Data are expressed as mean ± standard error of means. All statistical analyses were performed using SPSS statistical analysis software (IBM SPSS Statistics version 19.0, IBM Japan, Tokyo, Japan). Shapiro-Wilk and Levene’s tests were used to assess the normality and homogeneity of variance, respectively. Significant differences between groups were evaluated using Student’s t-test, Welch’s t-test, or Mann-Whitney test, and two-way ANOVA. Correlations were evaluated using Pearson’s correlation coefficient. Statistical significance was set at p < 0.05. Intra- or inter-observer agreements regarding both the measurements of brain areas and cortical thicknesses were assessed using the one-way random or two-way mixed ICCs. The reliability could be classified according to the ICCs: excellent (0.75 ≤ ICC); good (0.60 ≤ ICC ≤ 0.75); fair (0.40 ≤ ICC ≤ 0.60); poor (ICC ≤ 0.4) [35].

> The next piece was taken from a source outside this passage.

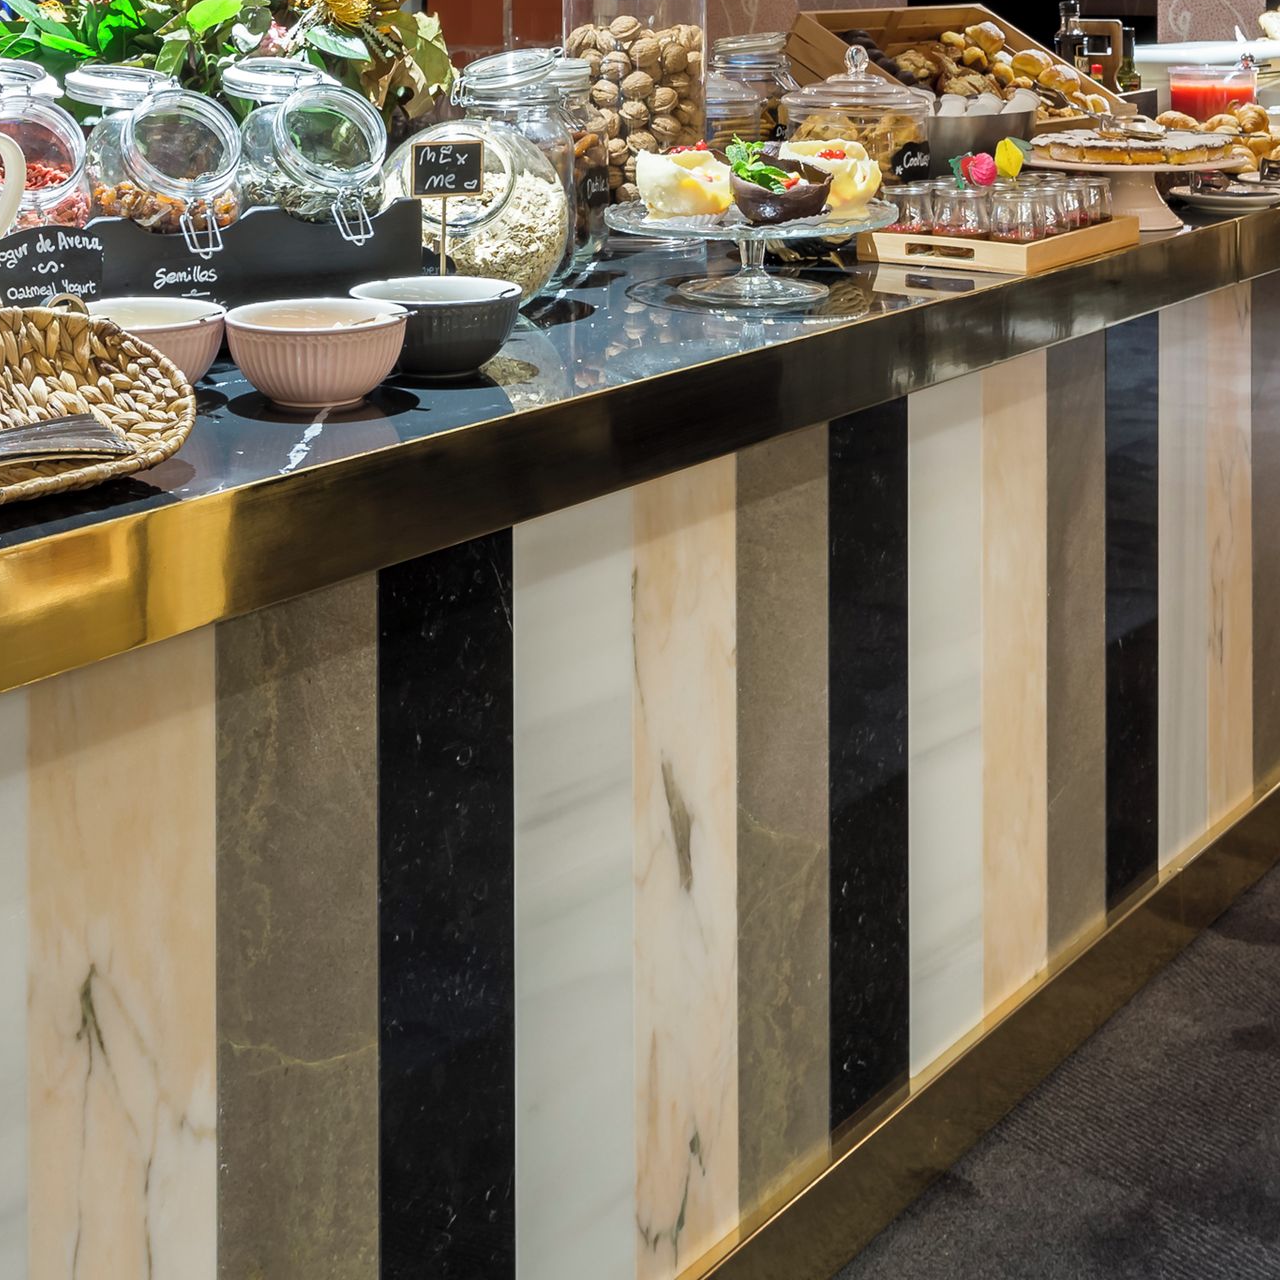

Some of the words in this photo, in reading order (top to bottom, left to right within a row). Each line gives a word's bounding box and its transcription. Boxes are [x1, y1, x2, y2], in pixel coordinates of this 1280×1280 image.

Inclusive and pathological values

The body weight of OLETF rats was significantly higher than that of LETO rats (p < 0.001; Fig. 1a); however, the brain weight of OLETF rats was significantly less than that of LETO rats (p < 0.001; Fig. 1b). The brain/body weight ratio percentage of OLETF rats was also significantly less than that of LETO rats (LETO: 0.45 ± 0.01%, OLETF: 0.33 ± 0.01%, p < 0.0001). The glucose and insulin AUCs of OLETF rats were significantly higher than those of LETO rats (p < 0.01 for both glucose and insulin; Fig. 1c and d).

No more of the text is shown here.